--- Extracted material ---

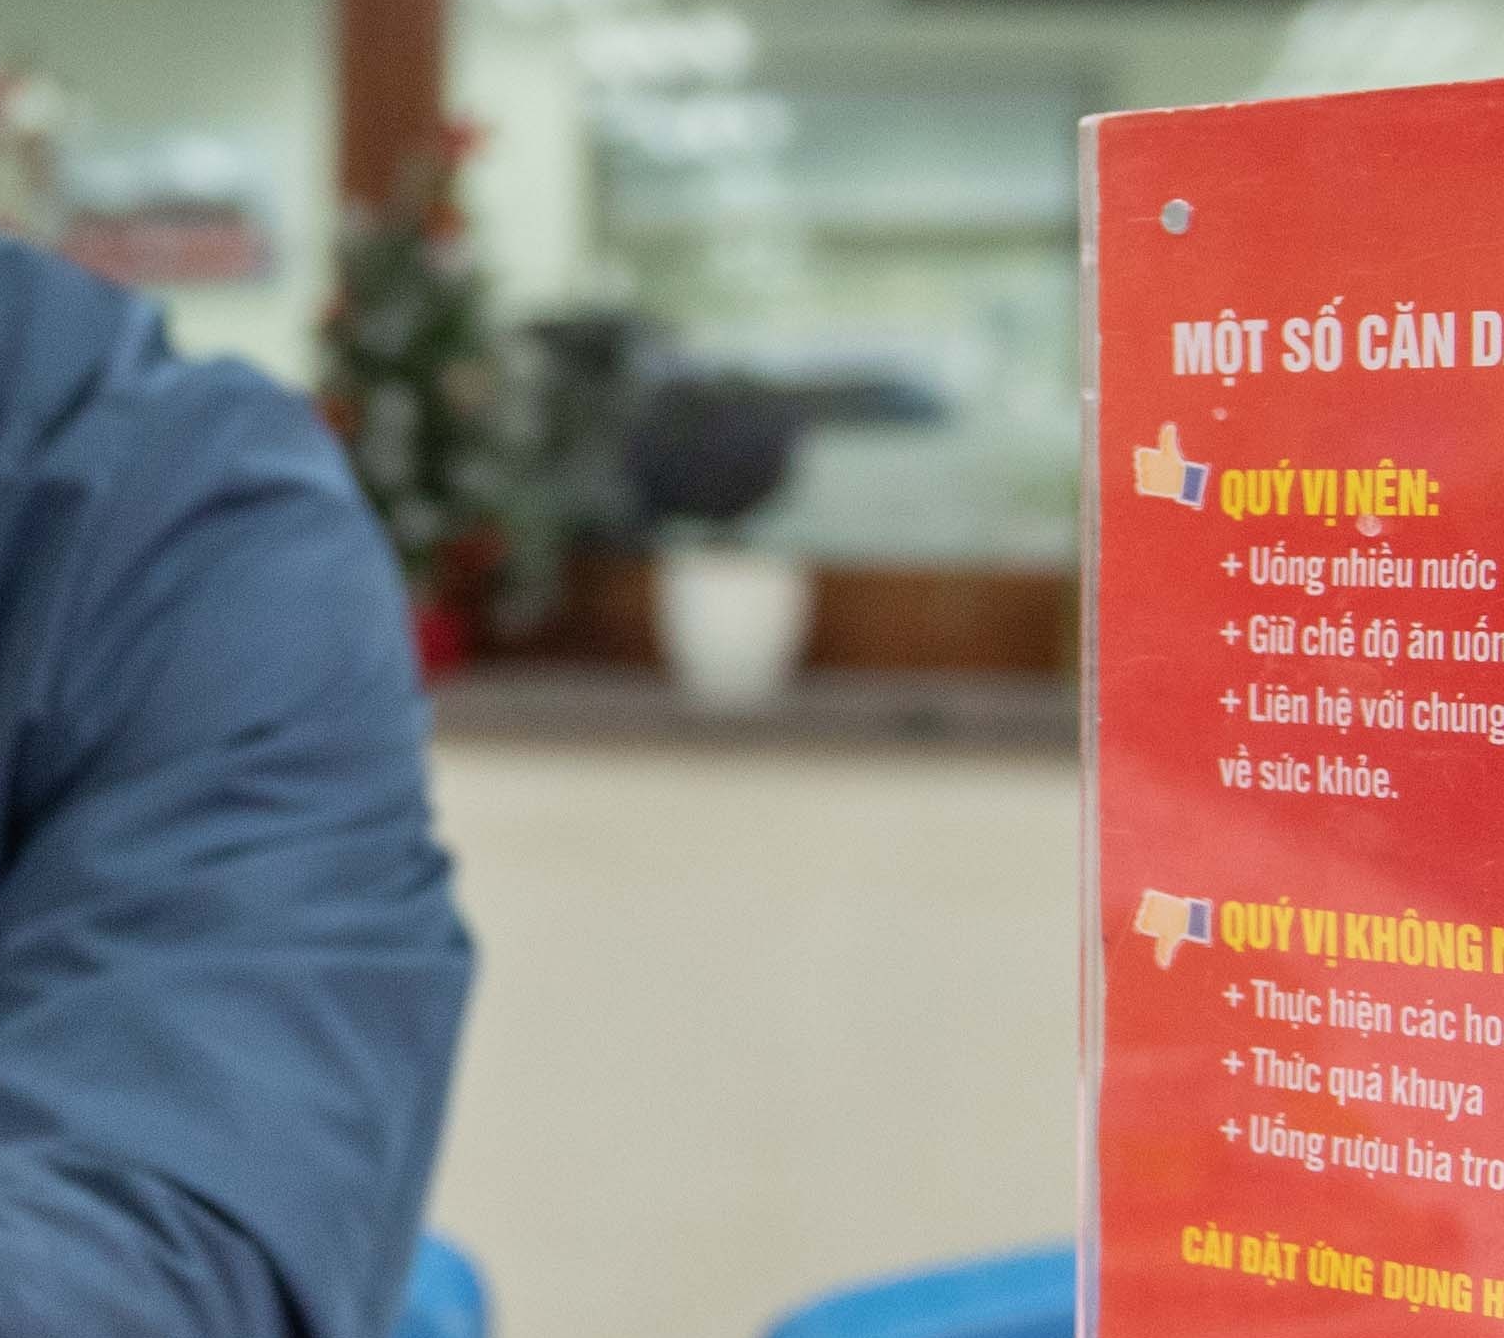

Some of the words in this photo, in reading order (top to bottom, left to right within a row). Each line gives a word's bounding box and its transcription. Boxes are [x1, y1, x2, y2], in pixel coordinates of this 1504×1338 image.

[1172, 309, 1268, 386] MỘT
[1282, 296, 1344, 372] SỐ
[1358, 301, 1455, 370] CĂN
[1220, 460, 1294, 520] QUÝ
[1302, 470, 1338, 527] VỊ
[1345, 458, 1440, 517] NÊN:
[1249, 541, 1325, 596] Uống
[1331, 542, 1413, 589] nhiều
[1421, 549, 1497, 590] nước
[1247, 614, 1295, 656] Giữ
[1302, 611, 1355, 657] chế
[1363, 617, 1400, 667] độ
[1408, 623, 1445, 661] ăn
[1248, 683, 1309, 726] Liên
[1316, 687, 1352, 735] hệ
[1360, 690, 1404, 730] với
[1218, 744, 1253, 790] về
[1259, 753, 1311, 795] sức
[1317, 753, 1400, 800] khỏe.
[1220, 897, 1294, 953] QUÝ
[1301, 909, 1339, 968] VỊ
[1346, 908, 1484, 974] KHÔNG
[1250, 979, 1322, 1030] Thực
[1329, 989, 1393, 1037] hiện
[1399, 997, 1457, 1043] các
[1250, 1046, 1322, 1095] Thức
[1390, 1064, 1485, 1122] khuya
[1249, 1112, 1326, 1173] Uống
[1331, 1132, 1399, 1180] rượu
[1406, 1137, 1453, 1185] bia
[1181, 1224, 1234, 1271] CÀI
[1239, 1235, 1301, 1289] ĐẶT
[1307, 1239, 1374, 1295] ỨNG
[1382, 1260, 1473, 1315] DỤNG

---

Exercise goal:
Images are to be left out; everything else in the material must be written out exactly.

Answer area:
Some of the words in this photo, in reading order (top to bottom, left to right within a row). Each line gives a word's bounding box and its transcription. Boxes are [x1, y1, x2, y2], in pixel coordinates of this 1504×1338 image.

[1172, 309, 1268, 386] MỘT
[1282, 296, 1344, 372] SỐ
[1358, 301, 1455, 370] CĂN
[1220, 460, 1294, 520] QUÝ
[1302, 470, 1338, 527] VỊ
[1345, 458, 1440, 517] NÊN:
[1249, 541, 1325, 596] Uống
[1331, 542, 1413, 589] nhiều
[1421, 549, 1497, 590] nước
[1247, 614, 1295, 656] Giữ
[1302, 611, 1355, 657] chế
[1363, 617, 1400, 667] độ
[1408, 623, 1445, 661] ăn
[1248, 683, 1309, 726] Liên
[1316, 687, 1352, 735] hệ
[1360, 690, 1404, 730] với
[1218, 744, 1253, 790] về
[1259, 753, 1311, 795] sức
[1317, 753, 1400, 800] khỏe.
[1220, 897, 1294, 953] QUÝ
[1301, 909, 1339, 968] VỊ
[1346, 908, 1484, 974] KHÔNG
[1250, 979, 1322, 1030] Thực
[1329, 989, 1393, 1037] hiện
[1399, 997, 1457, 1043] các
[1250, 1046, 1322, 1095] Thức
[1390, 1064, 1485, 1122] khuya
[1249, 1112, 1326, 1173] Uống
[1331, 1132, 1399, 1180] rượu
[1406, 1137, 1453, 1185] bia
[1181, 1224, 1234, 1271] CÀI
[1239, 1235, 1301, 1289] ĐẶT
[1307, 1239, 1374, 1295] ỨNG
[1382, 1260, 1473, 1315] DỤNG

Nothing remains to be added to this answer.